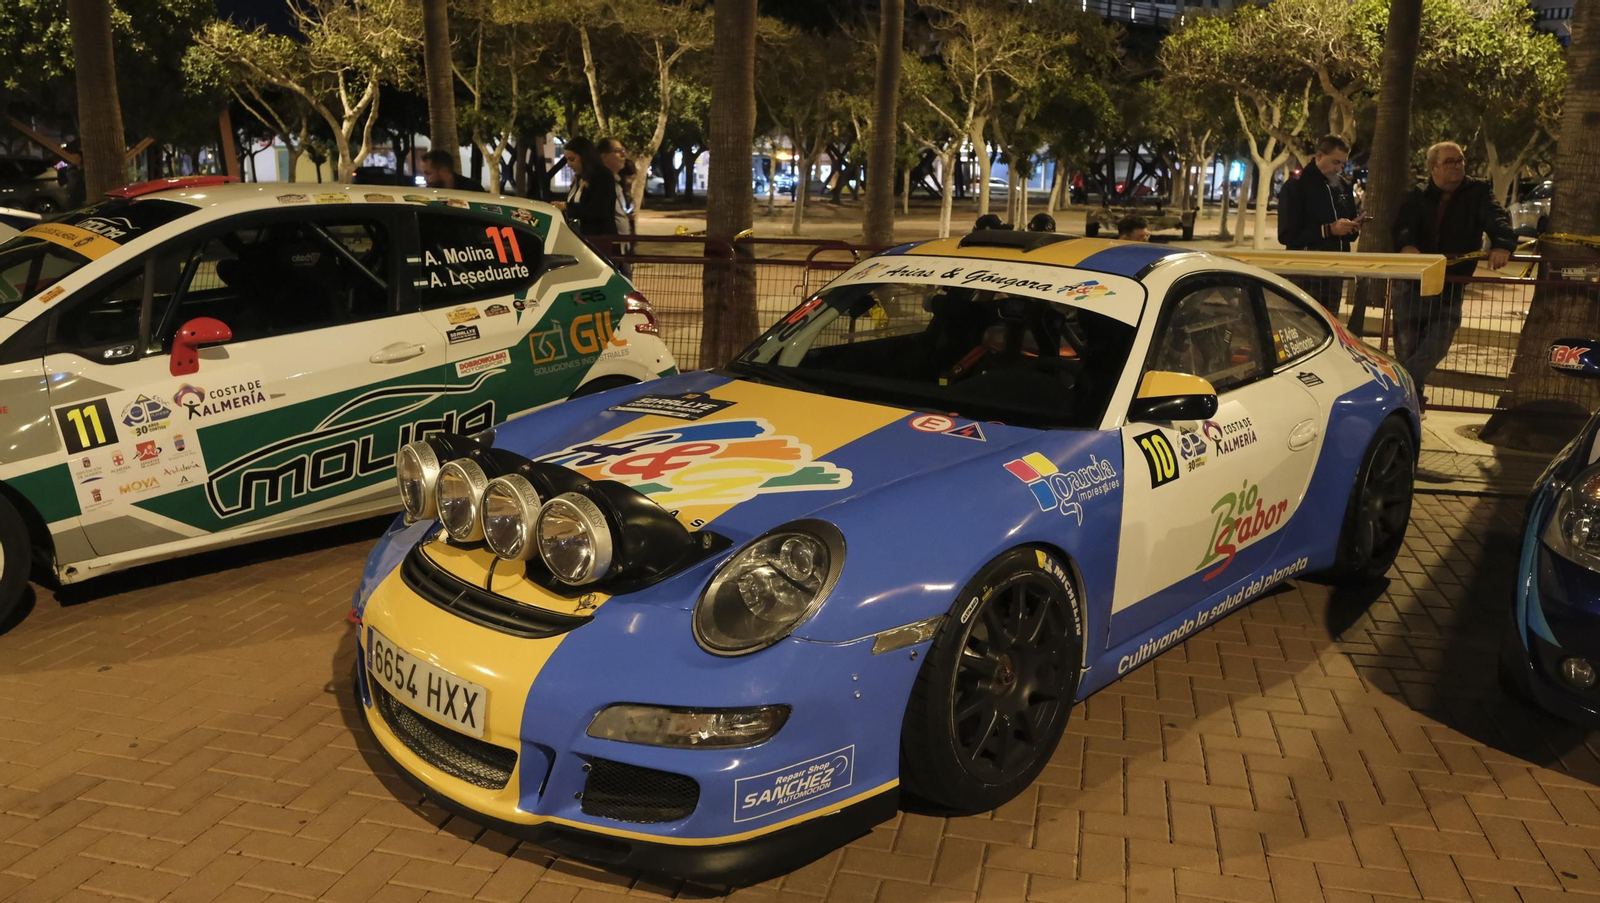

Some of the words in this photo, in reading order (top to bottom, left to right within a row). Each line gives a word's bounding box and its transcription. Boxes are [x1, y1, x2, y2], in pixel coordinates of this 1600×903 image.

[425, 250, 441, 266] A.
[445, 246, 495, 264] Molina
[485, 226, 523, 264] 11
[430, 272, 447, 289] A.
[450, 262, 529, 285] Leseduarte
[878, 265, 935, 279] Arias
[940, 267, 964, 279] &
[570, 311, 628, 354] GIL
[1285, 327, 1299, 342] Arias
[1290, 336, 1315, 355] Belmonte
[461, 359, 507, 375] MOTORSPORT
[534, 359, 580, 376] SOLUCIONES
[582, 349, 630, 365] INDUSTRIALES
[209, 384, 246, 400] COSTA
[247, 380, 262, 391] DE
[203, 391, 266, 417] ALMERÍA
[67, 405, 107, 448] 11
[135, 426, 148, 437] 30
[924, 417, 945, 430] E
[1223, 420, 1244, 435] COSTA
[1243, 417, 1252, 427] DE
[1224, 428, 1258, 454] ALMERÍA
[1141, 434, 1175, 482] 10
[1049, 454, 1117, 526] garcía
[1196, 479, 1258, 571] Bio
[1203, 498, 1288, 582] Sabor
[1054, 565, 1081, 636] MICHELIN
[1117, 621, 1194, 675] Cultivando
[1196, 608, 1209, 629] la
[1209, 593, 1244, 620] salud
[1244, 578, 1265, 600] del
[1264, 556, 1308, 593] planeta
[374, 640, 419, 700] 6654
[426, 672, 481, 729] HXX
[775, 769, 806, 785] Repair
[808, 761, 831, 776] Shop
[742, 767, 835, 809] SANCHEZ
[777, 782, 832, 806] AUTOMOCION

:::

● **What the exercise asks**
Output the records above verbatim. Pictures stay out.

● **Task solution**
Some of the words in this photo, in reading order (top to bottom, left to right within a row). Each line gives a word's bounding box and its transcription. Boxes are [x1, y1, x2, y2], in pixel coordinates of this 1600×903 image.

[425, 250, 441, 266] A.
[445, 246, 495, 264] Molina
[485, 226, 523, 264] 11
[430, 272, 447, 289] A.
[450, 262, 529, 285] Leseduarte
[878, 265, 935, 279] Arias
[940, 267, 964, 279] &
[570, 311, 628, 354] GIL
[1285, 327, 1299, 342] Arias
[1290, 336, 1315, 355] Belmonte
[461, 359, 507, 375] MOTORSPORT
[534, 359, 580, 376] SOLUCIONES
[582, 349, 630, 365] INDUSTRIALES
[209, 384, 246, 400] COSTA
[247, 380, 262, 391] DE
[203, 391, 266, 417] ALMERÍA
[67, 405, 107, 448] 11
[135, 426, 148, 437] 30
[924, 417, 945, 430] E
[1223, 420, 1244, 435] COSTA
[1243, 417, 1252, 427] DE
[1224, 428, 1258, 454] ALMERÍA
[1141, 434, 1175, 482] 10
[1049, 454, 1117, 526] garcía
[1196, 479, 1258, 571] Bio
[1203, 498, 1288, 582] Sabor
[1054, 565, 1081, 636] MICHELIN
[1117, 621, 1194, 675] Cultivando
[1196, 608, 1209, 629] la
[1209, 593, 1244, 620] salud
[1244, 578, 1265, 600] del
[1264, 556, 1308, 593] planeta
[374, 640, 419, 700] 6654
[426, 672, 481, 729] HXX
[775, 769, 806, 785] Repair
[808, 761, 831, 776] Shop
[742, 767, 835, 809] SANCHEZ
[777, 782, 832, 806] AUTOMOCION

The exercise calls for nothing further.